CTRL’s AI Allen has a distinct Ranveer Singh look, so much so that Motwane nicknamed him after the actor, though he says the resemblance wasn’t intentional. By the end of the film, however, Nella finds her boyfriend’s face co-opted as a digital avatar by the same company that had him killed. CTRL is the second streaming release this year that finds Panday confronting the evils of big tech. In the Amazon Prime series Call Me Bae, she’s a journalist who exposes the CEO of a telecom company (Sahil Shroff) for mining his customers’ data. The revelation of a Bollywood actress’ (Karishma Tanna) pregnancy comes from piecing together information from her period-tracking app, a plotline that comes five years after UK advocacy group Privacy International reported that Bengaluru-based period tracker Maya had been sharing users’ sexual health data with Facebook.
LSD2, CTRL and Dream Girl all view people themselves as yet another product of the digital age, both in the way that our private data can be harvested and sold, and how being chronically online chips away at our humanity. The first LSD2 segment features a transwoman reality show contestant (Paritosh Tiwari) obsessed over by thousands, yet misgendered repeatedly. Meanwhile, vlogger Shubham gains 40,000 followers in two hours after the lewd photos are posted. “Mazak udaane aaye hai sab log (Everyone’s just here to make fun of me),” he says. “Kya farak padta hai, bhai? (What difference does it make?)” his manager (Subhra Sourav Das) replies. It doesn’t matter why they’re here. Just that they are. Just as the “I’m as mad as hell and I’m not going to take this anymore” speech from Network (1976) goes from righteous rant to mindlessly repeated audience slogan, Shubham’s insistence that it isn’t him in those pictures becomes a punchline. Similarly, Nella’s fury at her cheating boyfriend becomes the hook to a song.

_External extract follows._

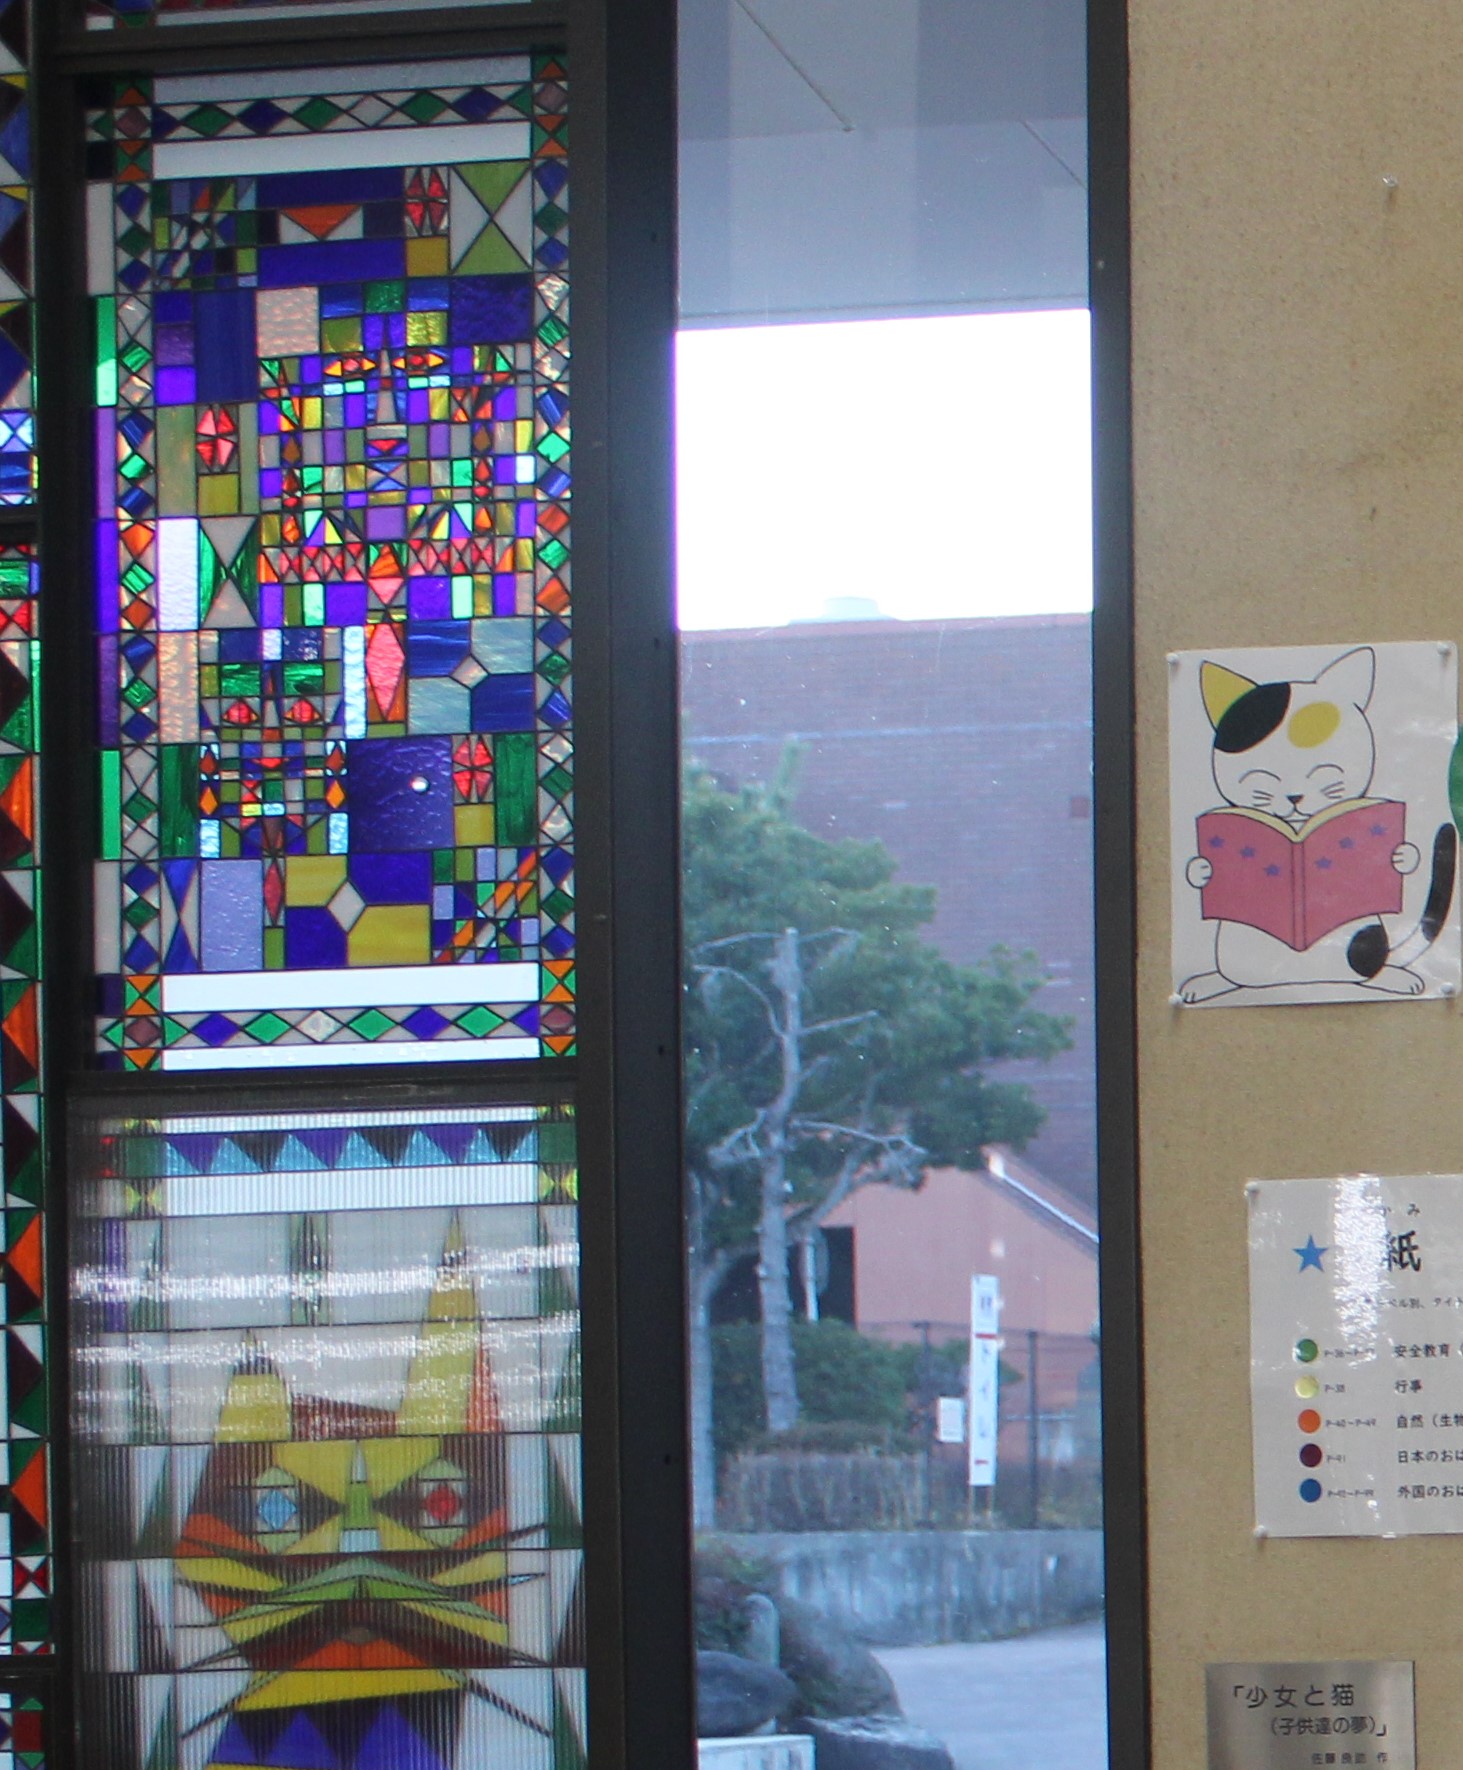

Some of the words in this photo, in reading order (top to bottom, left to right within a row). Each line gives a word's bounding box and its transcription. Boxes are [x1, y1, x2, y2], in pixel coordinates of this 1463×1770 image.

[1395, 1379, 1423, 1395] 行事
[1233, 1684, 1354, 1708] 「少女と猫

“We live in a time when we’re surrounded by cameras, and we know we’re surrounded by cameras,” says director Dibakar Banerjee. “Everybody is consuming someone else’s life and everyone is living a life to be consumed.” His research took him down influencer rabbit holes, from those who had amassed a following through videos of mundane activities such as brushing their teeth to more niche content such as the sexualised chopping of vegetables. The costs of maintaining an influencer lifestyle are also explored in the first episode of Fingertip, a 2019 Tamil anthology about the destructive power of digital spaces. An aspiring influencer (Sunainaa) is so fixated on curating a picture-perfect life on the photo-sharing app Clicker (a clear stand-in for Instagram) that it all starts to come apart behind the scenes. She loses her job, goes into debt and eventually wrecks her marriage.

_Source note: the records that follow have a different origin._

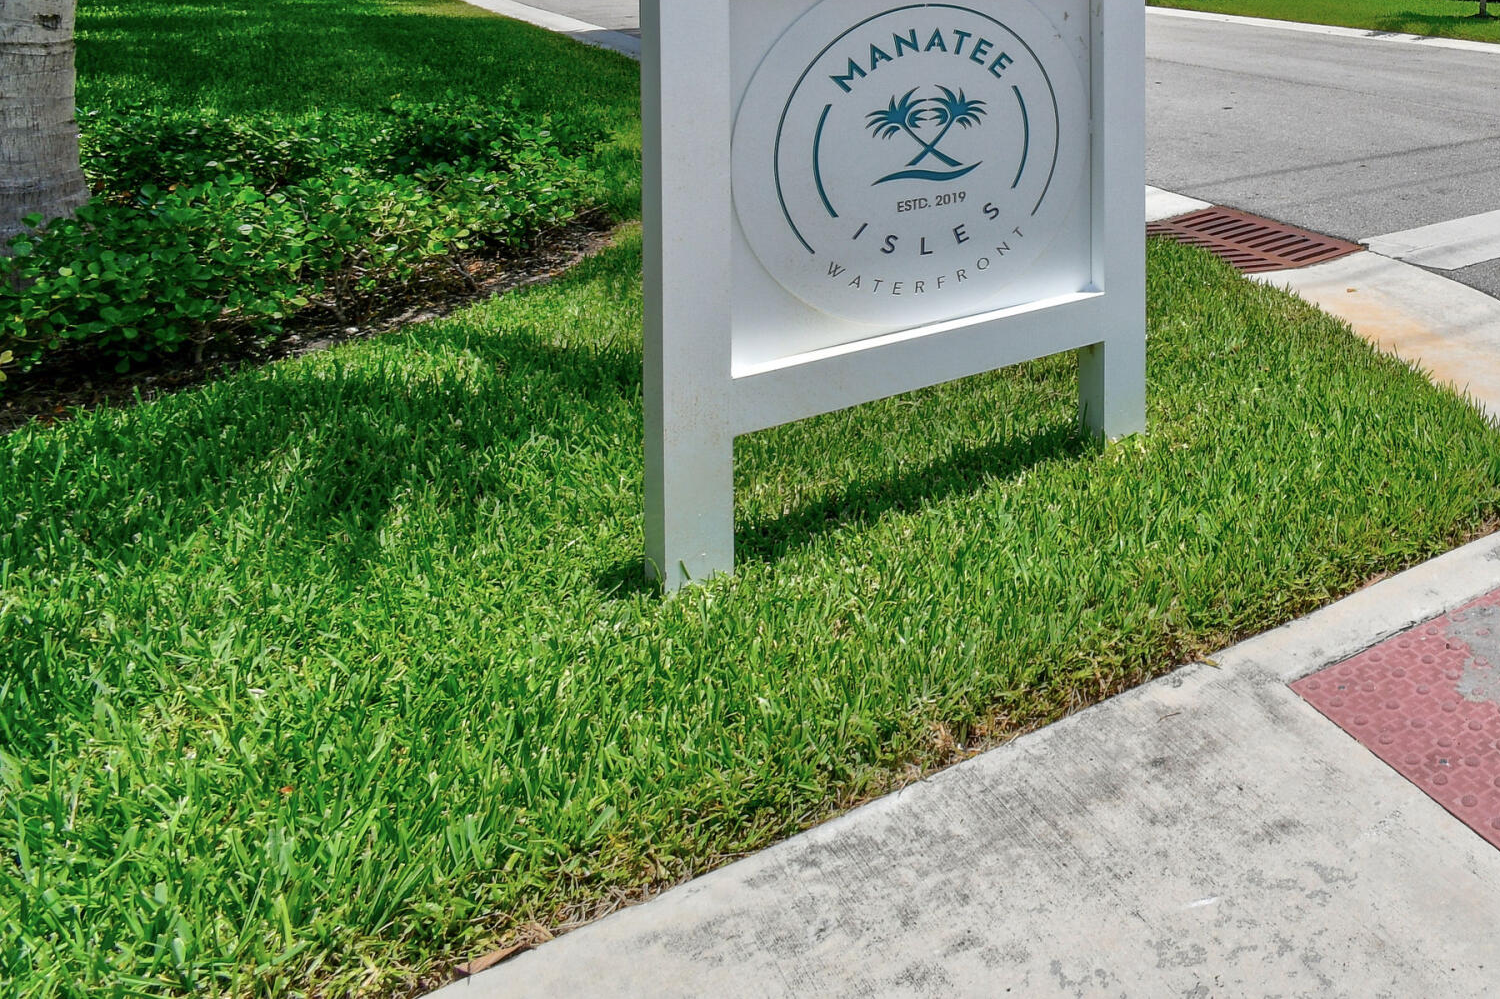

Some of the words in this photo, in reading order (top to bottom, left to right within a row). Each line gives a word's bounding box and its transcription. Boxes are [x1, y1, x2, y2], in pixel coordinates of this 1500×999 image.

[830, 28, 1014, 94] MANATEE
[852, 202, 1000, 256] ISLES
[897, 197, 932, 213] ESTD.
[935, 190, 967, 208] 2019
[827, 227, 1024, 295] WATERFRONT

While LSD2’s reality show contestants have the option to go “off cam” or pause having their lives streamed 24x7, it comes at a price—their ratings nosedive. Nella, however, welcomes digital intrusion by the end, so lonely that she can only find warmth in the reflective glow of a screen. An earlier draft had her mother ask her to buy something online, at which point she discovers that she needed a CTRL ID to be able to log in. Motwane and his writers ultimately, however, felt that the ending would pack more of an emotional punch if Nella’s choice to sign up for the app that ruined her life once more was her own. In the same way, unable to handle the stresses of the real world, Shubham disappears, escaping into the unnerving utopia of the ‘metaverse’, a virtual reality world. In this year’s films, the creeping pull of the digital world extends far beyond the four borders of the screen—vast, inescapable.
Gayle Sequeira is a film and television critic and reporter.